Within Venezuela, there are two major competing socialist parties, one following the ideas of former president Hugo Chávez, the other supporting the new president Nicolás Maduro.
BBC News stated that the Chavistas, or supporters of Chávez, blame the opposition of being elitists and exploiting the poor to increase their own riches. The opposition argued that the Chavistas have eroded Venezuela’s democratic institutions and mismanaged the economy. The Chavistas also accuse the opposition of being supported by the United States, further reducing the relationship between the two countries.
Although the current president is from the same party as Chávez, Chavez’s supporters do not fully support him. Maduro lacks in the charisma that his predecessor possessed, which some believe allowed Chávez to draw foreign countries in for investment and have strong control over resources.
This internal conflict over political ideologies hit an international level when the Supreme Tribunal of Justice, the Judicial branch of the Venezuelan government, took over the National Assembly, the legislative branch of the government.
Because Maduro supporters compose the TSJ and the opposition make up the National Assembly, the tension between the two parties reached a new level, invoking riots and protests throughout Venezuela. Although the TSJ relinquished control over the National Assembly shortly after, Maduro still faces accusations of transforming his power to an authoritarian state.

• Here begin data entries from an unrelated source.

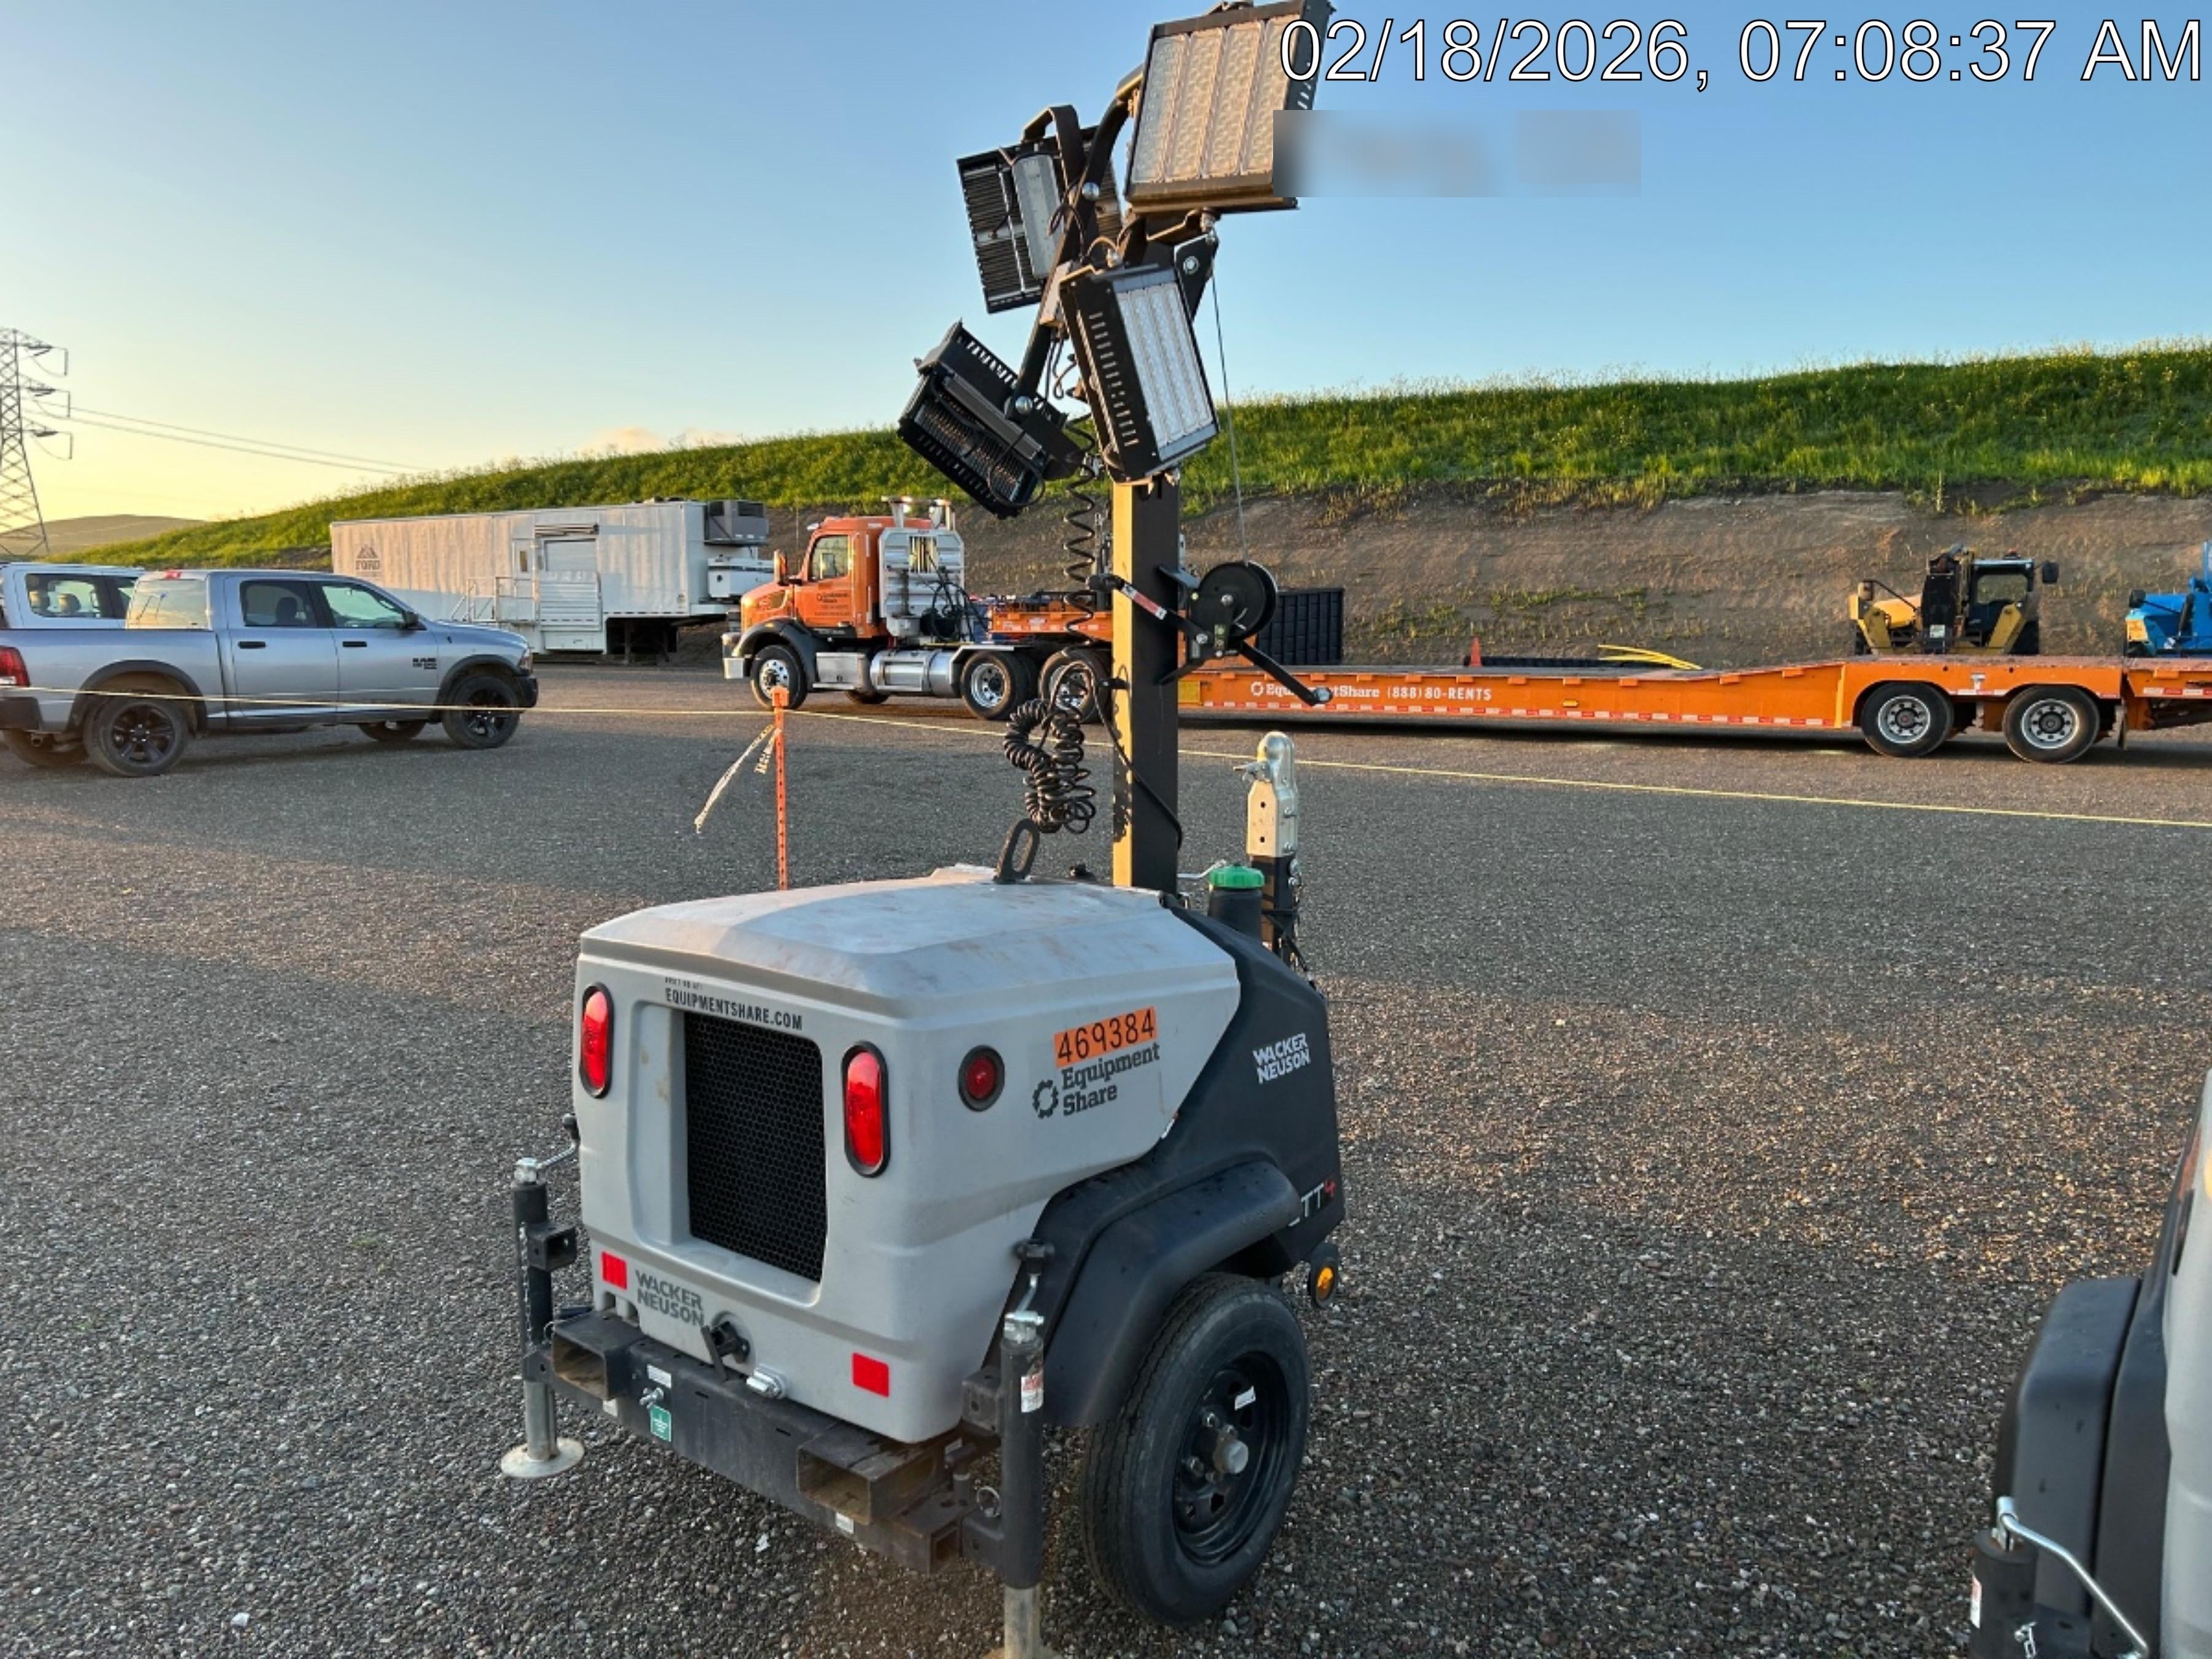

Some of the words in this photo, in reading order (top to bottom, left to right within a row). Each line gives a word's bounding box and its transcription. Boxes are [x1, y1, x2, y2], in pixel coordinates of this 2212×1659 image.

[1425, 687, 1492, 701] 80-RENTS
[665, 987, 802, 1030] EQUIPMENTSHARE.COM
[1057, 1009, 1155, 1062] 469384
[1253, 1033, 1308, 1066] WACKER
[1062, 1042, 1160, 1089] Equipment
[1257, 1048, 1311, 1084] NEUSON
[1063, 1084, 1118, 1116] Share
[635, 1269, 703, 1311] WACKER
[638, 1287, 704, 1328] NEUSON
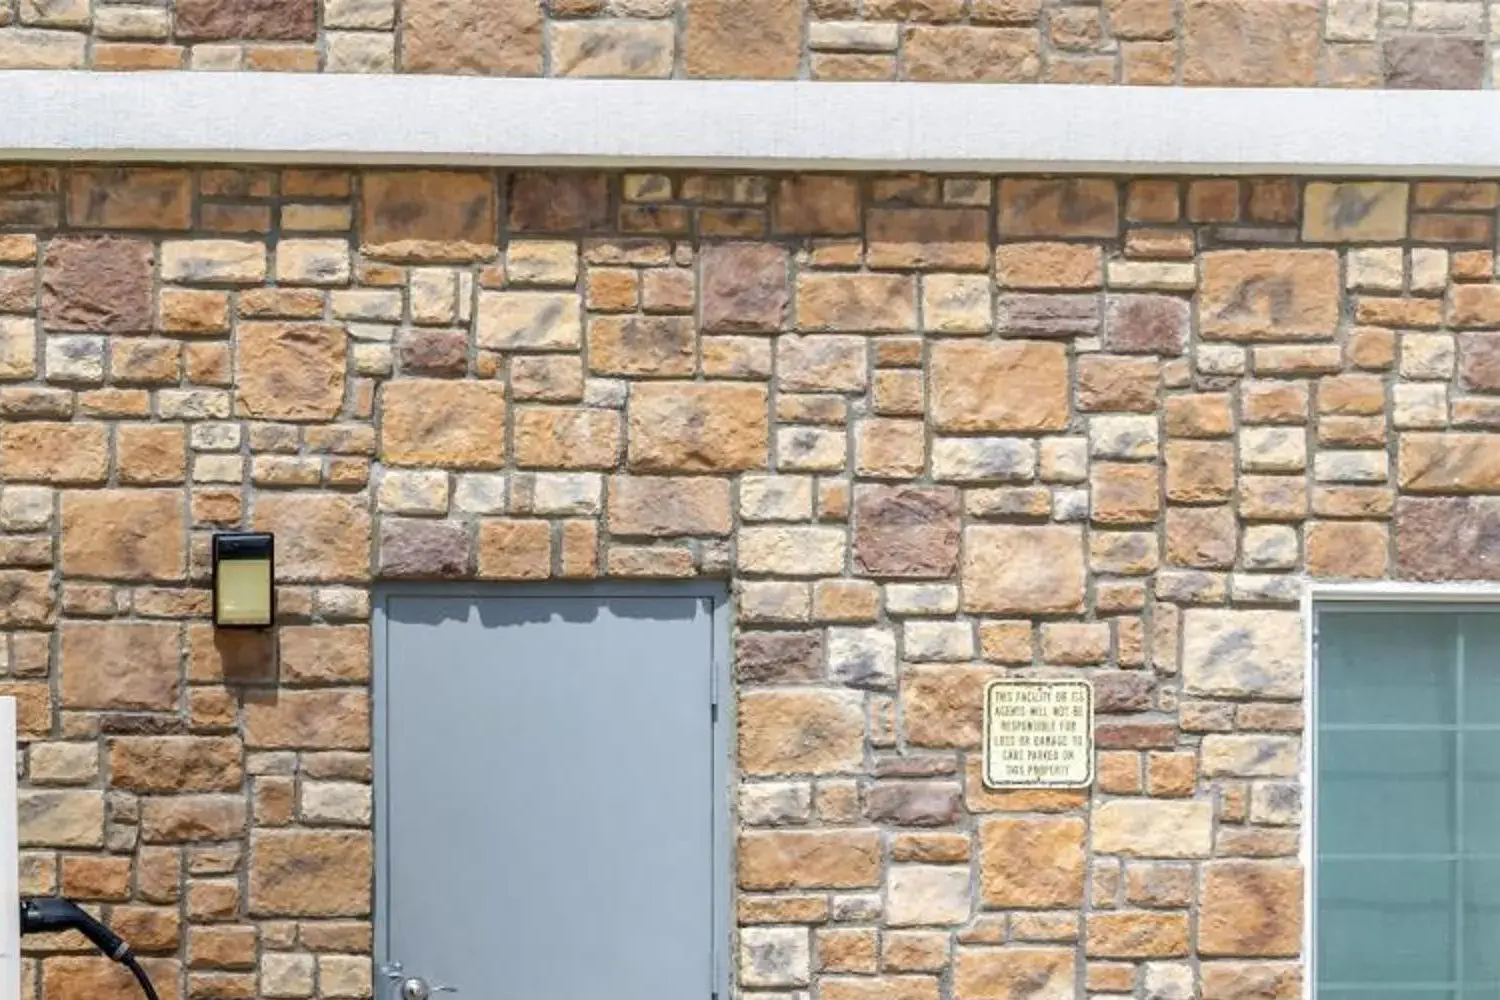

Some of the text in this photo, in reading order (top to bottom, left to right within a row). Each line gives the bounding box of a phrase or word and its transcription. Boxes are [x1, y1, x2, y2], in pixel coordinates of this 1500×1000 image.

[996, 691, 1084, 702] THIS FACILITY OR ITS
[995, 705, 1084, 716] AGENTS WILL NOT BE
[1001, 720, 1077, 732] RESPONSIBLE FOR
[994, 735, 1083, 746] LOSS OR DAMAGE TO
[1002, 750, 1074, 761] CARS PARKED ON
[1006, 764, 1069, 776] THIS PROPERTY
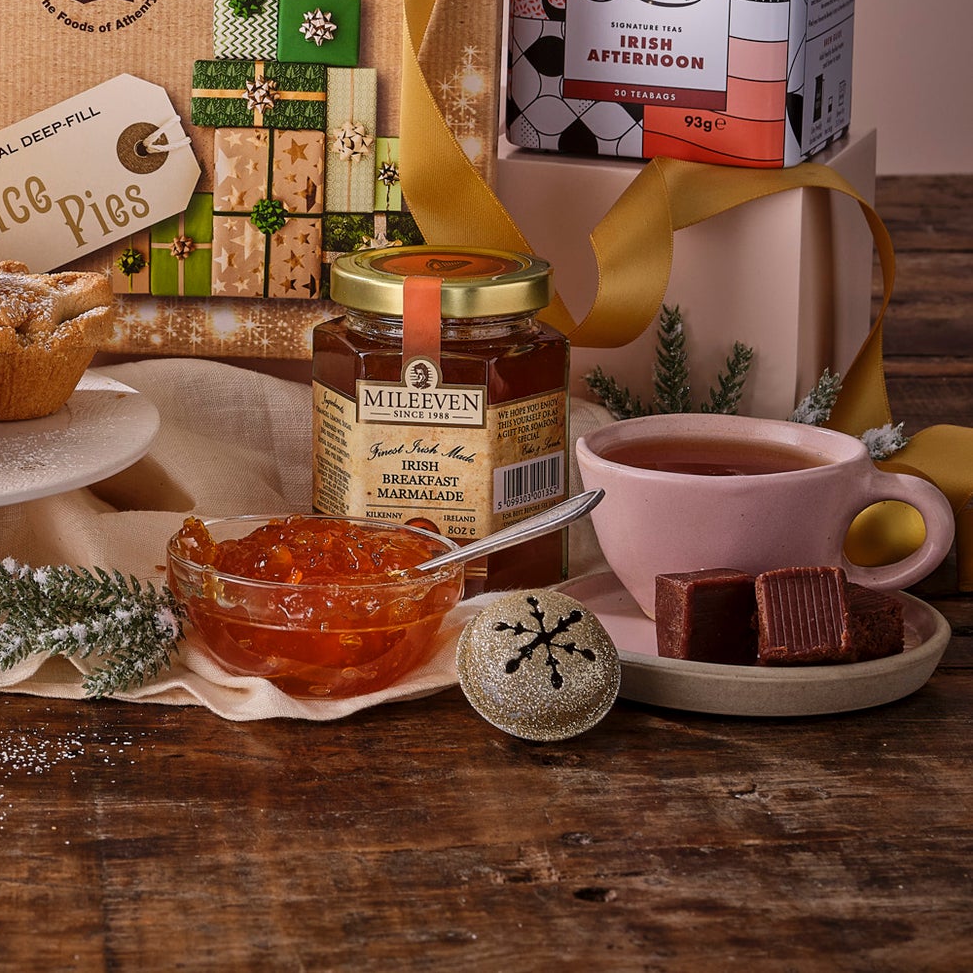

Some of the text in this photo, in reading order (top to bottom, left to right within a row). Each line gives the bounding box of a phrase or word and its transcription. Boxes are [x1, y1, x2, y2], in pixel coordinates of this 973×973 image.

[57, 11, 94, 33] Foods
[98, 22, 111, 33] of
[611, 22, 683, 33] SIGNATURE TEAS
[620, 35, 672, 51] IRISH
[587, 49, 704, 70] AFTERNOON
[614, 89, 676, 101] 30 TEABAGS
[20, 107, 101, 148] DEEP-FILL
[55, 184, 150, 248] Pies
[363, 389, 480, 411] MILEEVEN
[393, 410, 450, 420] SINCE 1988
[498, 398, 559, 419] WE HOPE YOU ENJOY
[498, 408, 559, 430] THIS YOURSELF OR AS
[503, 428, 517, 438] GIFT
[518, 425, 530, 434] FOR
[517, 431, 540, 444] SPECIAL
[367, 441, 405, 461] Finest
[405, 438, 440, 454] Irish
[441, 445, 477, 464] Made
[401, 460, 439, 471] IRISH
[382, 473, 459, 487] BREAKFAST
[377, 488, 464, 502] MARMALADE
[498, 502, 502, 510] 5
[366, 511, 476, 523] KILKENNY IRELAND

George Guo, professor of comparative politics, said, “Maduro now plans to revise the constitution of Venezuela and abolish opposition in the parliament with newfound power.”
In response to this, the U.S. has threatened to send military troops to Venezuela, but are reluctant to do so.
“I think this is because the other countries near Venezuela agree with some of the ideas like socialism that Maduro has,” said Early College student Eric Zhang. “Trump won’t have many friends if he decides to go down there, it’s just not a good idea.”
The U.S. idealistically holds a free-market right-wing philosophy where business and the interests of the upper class are priorities.
“Though America aims to support the right-wing opposition in Venezuela, Maduro continues to flex his (military) muscle as a show of force against any intervention,” said Guo. “No significant efforts are being taken by the National Assembly to oppose Maduro because his support from the military allows the Venezuelan leader not only to control the government, but the media and national resources.”
The Guilford community at home has had differed opinions about the subject matter, though the one consistency is that the Venezuela crisis has become a test to world democracy.
“The conflict in Venezuela just proves how the world is far from peace, and how neighboring countries have a significant task of helping and aiding situations like that of Venezuela,” said student Trevor Hyatt.